» **Your goal**: For this exercise, restate every line below word for word and drop the images.

» **Records shown**:
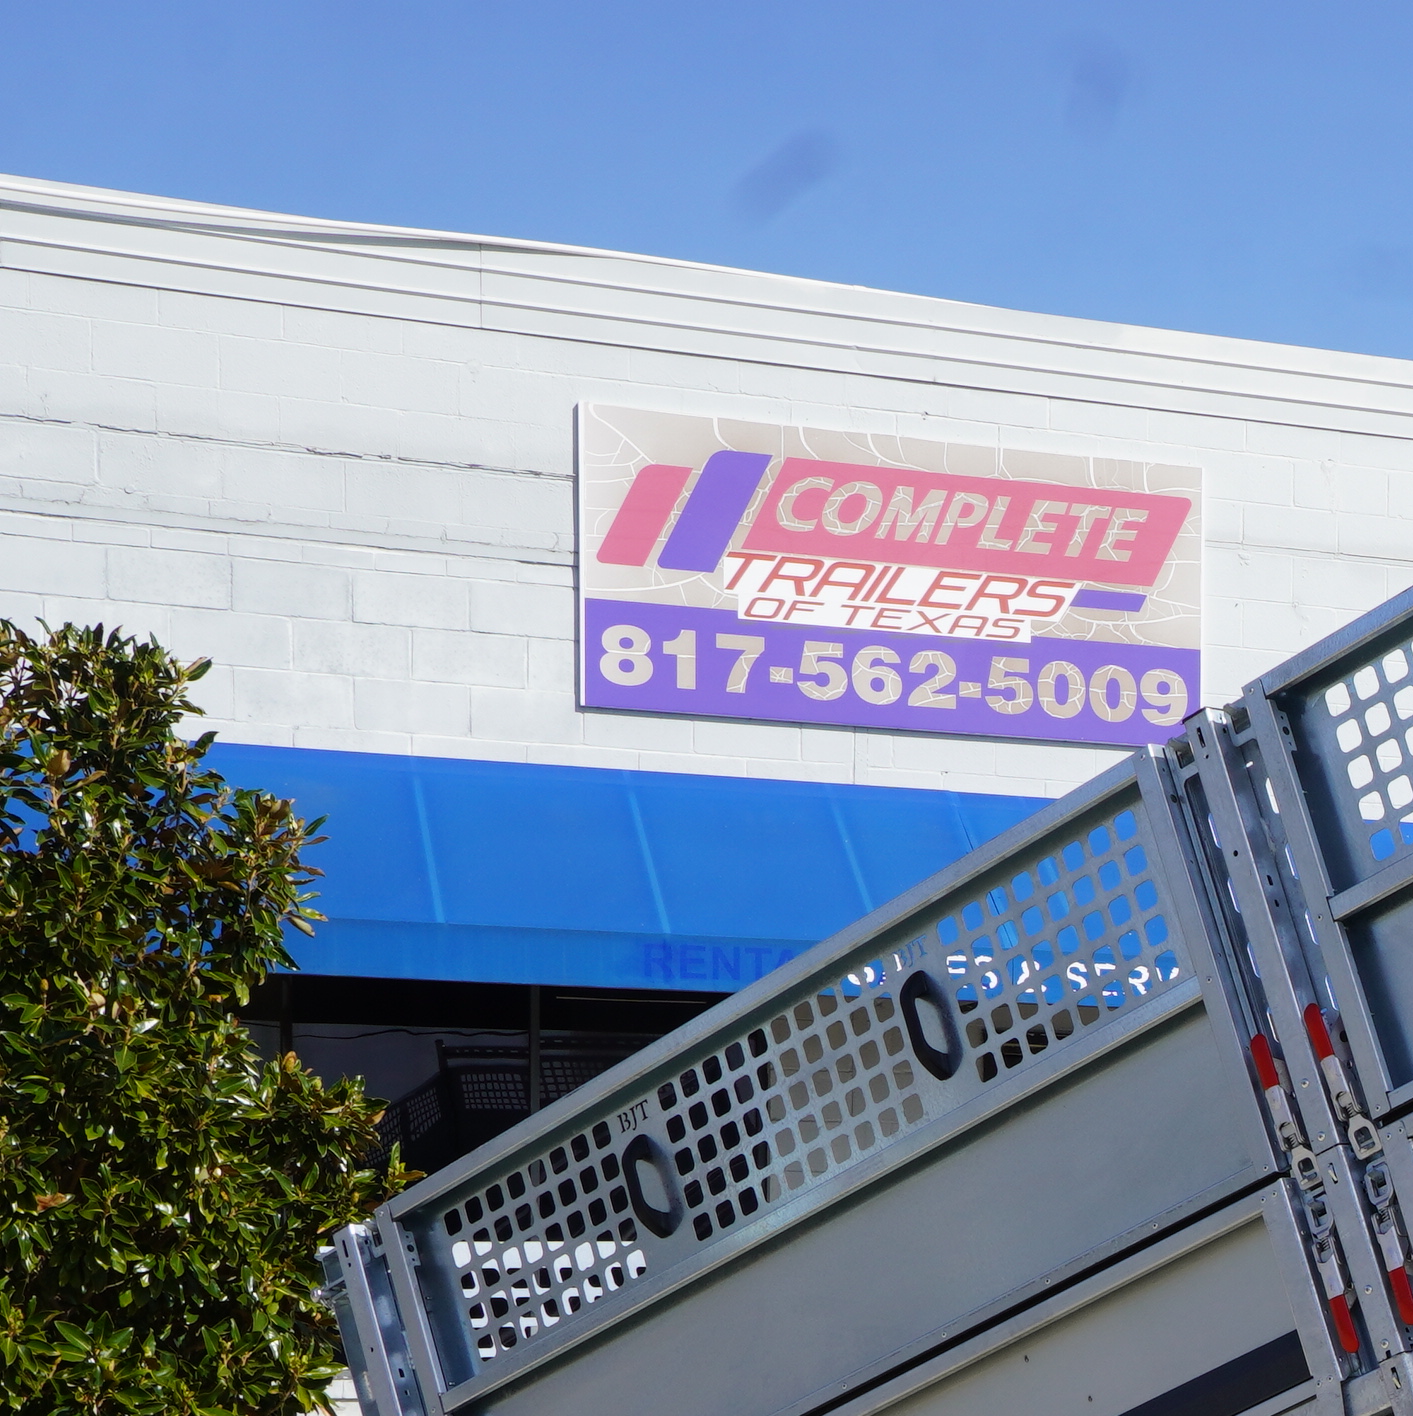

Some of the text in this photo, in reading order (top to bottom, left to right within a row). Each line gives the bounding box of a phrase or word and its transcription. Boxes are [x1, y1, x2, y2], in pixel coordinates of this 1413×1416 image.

[775, 476, 1149, 563] COMPLETE
[724, 551, 1077, 617] TRAILERS
[742, 595, 1026, 639] OF TEXAS
[600, 624, 1189, 727] 817-562-5009
[617, 1100, 650, 1133] BJT
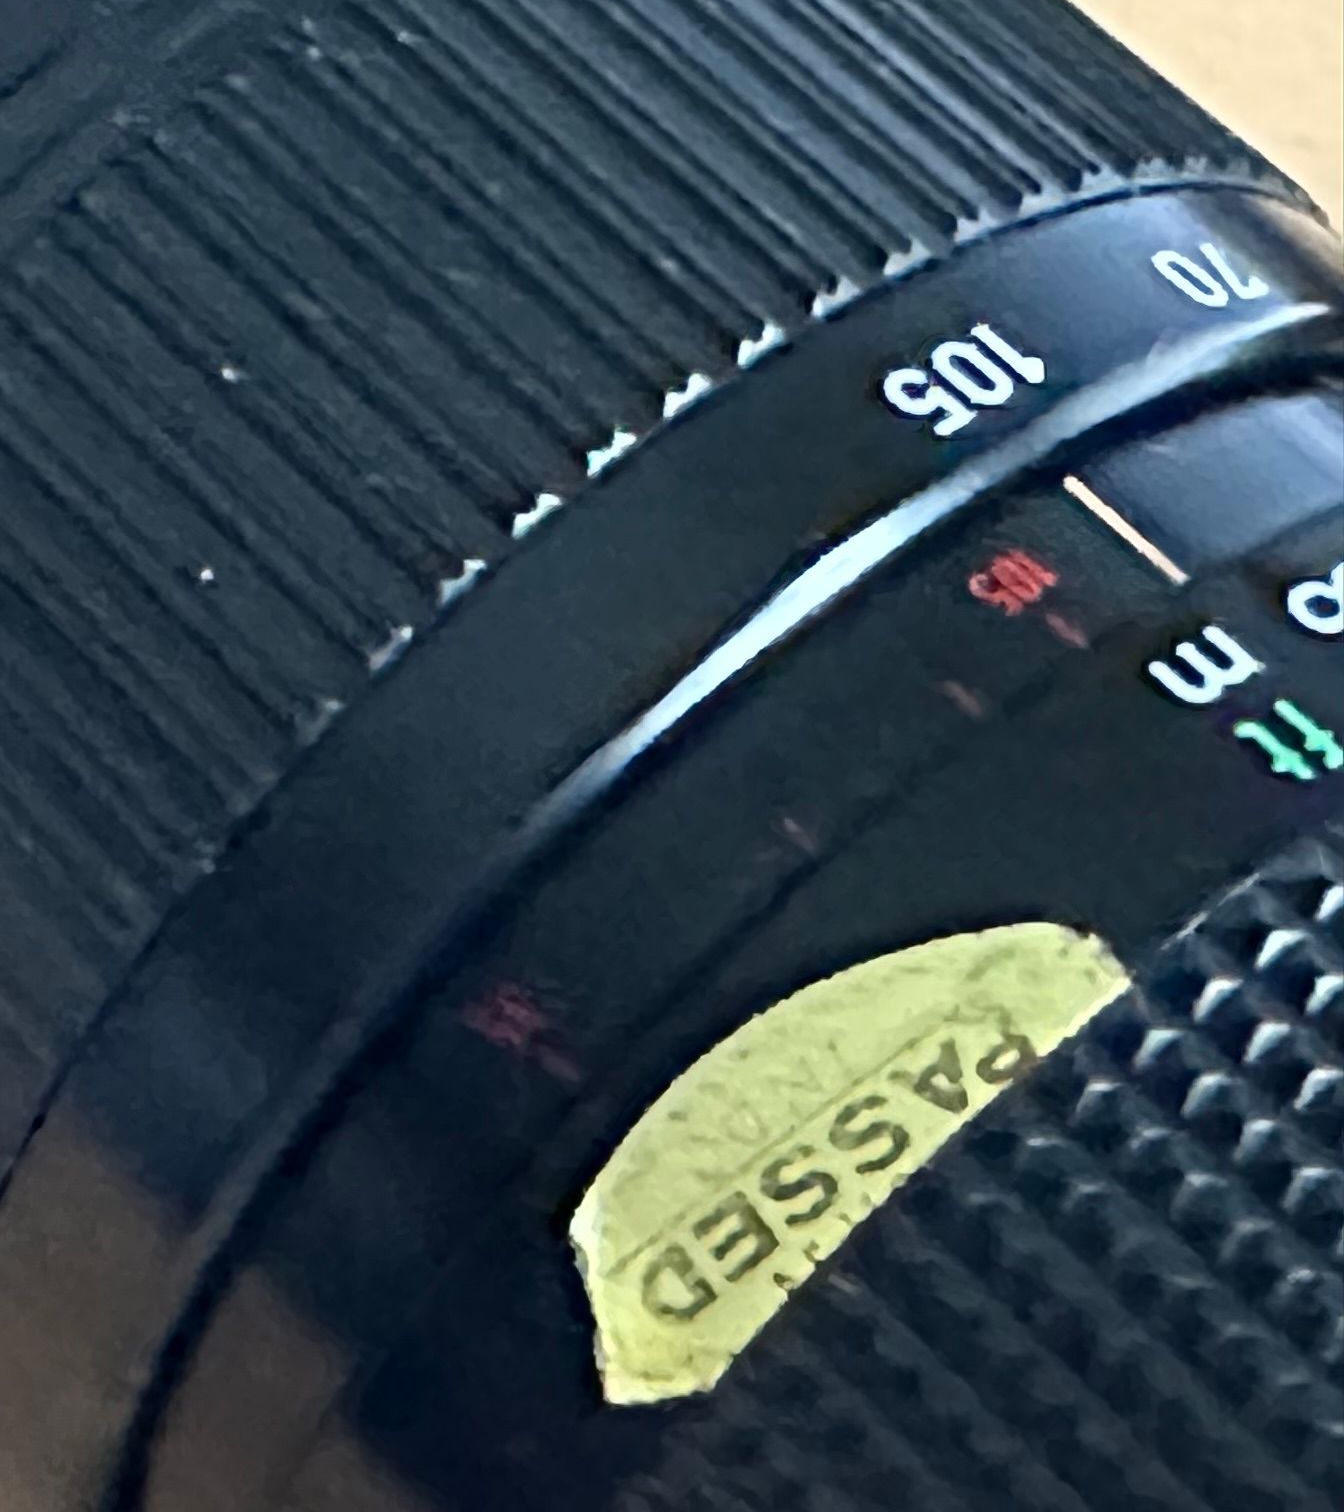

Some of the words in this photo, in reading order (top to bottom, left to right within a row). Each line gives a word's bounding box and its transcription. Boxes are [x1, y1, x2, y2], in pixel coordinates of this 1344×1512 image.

[1152, 243, 1269, 307] 70
[884, 324, 1045, 436] 105
[1149, 626, 1265, 704] m
[1235, 699, 1344, 780] ft
[639, 1020, 1040, 1321] PASSED

» **Solution to this problem**:
Some of the text in this photo, in reading order (top to bottom, left to right within a row). Each line gives the bounding box of a phrase or word and its transcription. Boxes are [x1, y1, x2, y2], in pixel coordinates of this 1413×1416 image.

[775, 476, 1149, 563] COMPLETE
[724, 551, 1077, 617] TRAILERS
[742, 595, 1026, 639] OF TEXAS
[600, 624, 1189, 727] 817-562-5009
[617, 1100, 650, 1133] BJT

Some of the words in this photo, in reading order (top to bottom, left to right within a row). Each line gives a word's bounding box and its transcription. Boxes are [x1, y1, x2, y2], in pixel coordinates of this 1344×1512 image.

[1152, 243, 1269, 307] 70
[884, 324, 1045, 436] 105
[1149, 626, 1265, 704] m
[1235, 699, 1344, 780] ft
[639, 1020, 1040, 1321] PASSED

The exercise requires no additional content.